通路分析表明神经胶质细胞与精神分裂症有关。
Pathway analyses implicate glial cells in schizophrenia.
作者信息
Duncan Laramie E, Holmans Peter A, Lee Phil H, O'Dushlaine Colm T, Kirby Andrew W, Smoller Jordan W, Öngür Dost, Cohen Bruce M
机构信息
Department of Epidemiology, Harvard School of Public Health, Boston, Massachusetts, United States of America ; Psychiatric and Neurodevelopmental Genetics Unit (PNGU), Massachusetts General Hospital, Boston, Massachusetts, United States of America ; Center for Human Genetic Research, Massachusetts General Hospital, Boston, Massachusetts, United States of America ; Stanley Center for Psychiatric Research, Broad Institute of MIT and Harvard, Cambridge, Massachusetts, United States of America ; Department of Psychiatry, Harvard Medical School, Boston, Massachusetts, United States of America.
MRC Centre for Neuropsychiatric Genetics & Genomics, Cardiff University, Cardiff, United Kingdom.
出版信息
PLoS One. 2014 Feb 24;9(2):e89441. doi: 10.1371/journal.pone.0089441. eCollection 2014.
BACKGROUND
The quest to understand the neurobiology of schizophrenia and bipolar disorder is ongoing with multiple lines of evidence indicating abnormalities of glia, mitochondria, and glutamate in both disorders. Despite high heritability estimates of 81% for schizophrenia and 75% for bipolar disorder, compelling links between findings from neurobiological studies, and findings from large-scale genetic analyses, are only beginning to emerge.
METHOD
Ten publically available gene sets (pathways) related to glia, mitochondria, and glutamate were tested for association to schizophrenia and bipolar disorder using MAGENTA as the primary analysis method.
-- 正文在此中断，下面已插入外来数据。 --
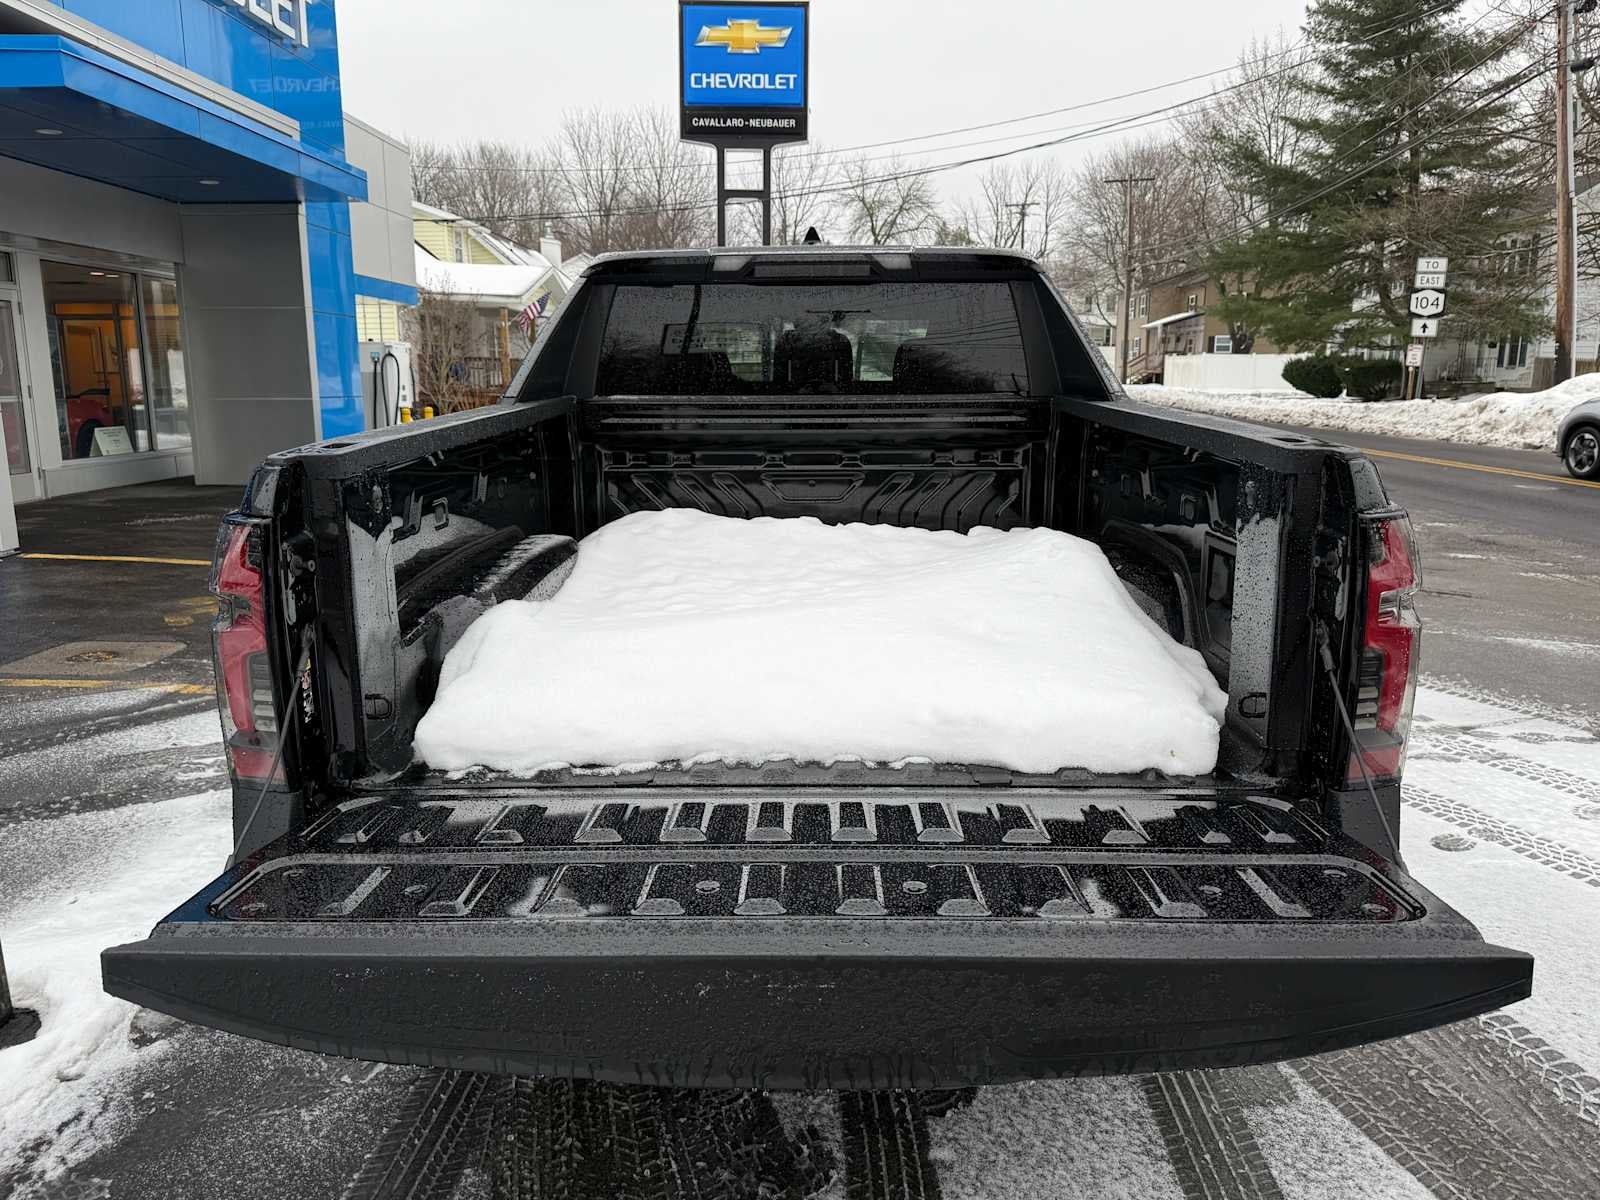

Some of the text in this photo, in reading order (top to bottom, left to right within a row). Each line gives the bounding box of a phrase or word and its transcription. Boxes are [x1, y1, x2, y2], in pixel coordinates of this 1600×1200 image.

[233, 0, 312, 48] LET
[690, 72, 797, 89] CHEVROLET
[692, 117, 796, 128] CAVALLARO-NEUBAUER
[1425, 261, 1439, 269] TO
[1420, 276, 1440, 285] EAST
[1415, 296, 1440, 310] 104
To determine the robustness of associations, secondary analyses were performed with: ALIGATOR, INRICH, and Set Screen. Data from the Psychiatric Genomics Consortium (PGC) were used for all analyses. There were 1,068,286 SNP-level p-values for schizophrenia (9,394 cases/12,462 controls), and 2,088,878 SNP-level p-values for bipolar disorder (7,481 cases/9,250 controls).
RESULTS
The Glia-Oligodendrocyte pathway was associated with schizophrenia, after correction for multiple tests, according to primary analysis (MAGENTA p = 0.0005, 75% requirement for individual gene significance) and also achieved nominal levels of significance with INRICH (p = 0.0057) and ALIGATOR (p = 0.022). For bipolar disorder, Set Screen yielded nominally and method-wide significant associations to all three glial pathways, with strongest association to the Glia-Astrocyte pathway (p = 0.002).
CONCLUSIONS
Consistent with findings of white matter abnormalities in schizophrenia by other methods of study, the Glia-Oligodendrocyte pathway was associated with schizophrenia in our genomic study. These findings suggest that the abnormalities of myelination observed in schizophrenia are at least in part due to inherited factors, contrasted with the alternative of purely environmental causes (e.g. medication effects or lifestyle). While not the primary purpose of our study, our results also highlight the consequential nature of alternative choices regarding pathway analysis, in that results varied somewhat across methods, despite application to identical datasets and pathways.
背景
对精神分裂症和双相情感障碍神经生物学的探索仍在继续,多条证据表明这两种疾病中胶质细胞、线粒体和谷氨酸存在异常。尽管精神分裂症的遗传度估计高达81%,双相情感障碍为75%,但神经生物学研究结果与大规模基因分析结果之间令人信服的联系才刚刚开始显现。
方法
使用MAGENTA作为主要分析方法,对10个与胶质细胞、线粒体和谷氨酸相关的公开可用基因集(通路)进行精神分裂症和双相情感障碍的关联测试。为了确定关联的稳健性,使用ALIGATOR、INRICH和Set Screen进行了二次分析。所有分析均使用精神疾病基因组学联盟(PGC)的数据。精神分裂症有1,068,286个单核苷酸多态性(SNP)水平的p值(9,394例/12,462例对照),双相情感障碍有2,088,878个SNP水平的p值(7,481例/9,250例对照)。
结果
根据主要分析(MAGENTA p = 0.0005,单个基因显著性要求为75%),在进行多重检验校正后,胶质细胞-少突胶质细胞通路与精神分裂症相关,并且在INRICH(p = 0.0057)和ALIGATOR(p = 0.022)分析中也达到了名义显著性水平。对于双相情感障碍,Set Screen对所有三种胶质细胞通路均产生了名义上和全方法范围内的显著关联,与胶质细胞-星形胶质细胞通路的关联最强(p = 0.002)。
结论
与其他研究方法在精神分裂症中发现的白质异常结果一致,在我们的基因组研究中,胶质细胞-少突胶质细胞通路与精神分裂症相关。这些发现表明,精神分裂症中观察到的髓鞘形成异常至少部分归因于遗传因素,这与纯粹环境原因(如药物作用或生活方式)的观点形成对比。虽然不是我们研究的主要目的,但我们的结果也突出了通路分析中不同选择的重要性,因为尽管应用于相同的数据集和通路,但不同方法的结果仍存在一定差异。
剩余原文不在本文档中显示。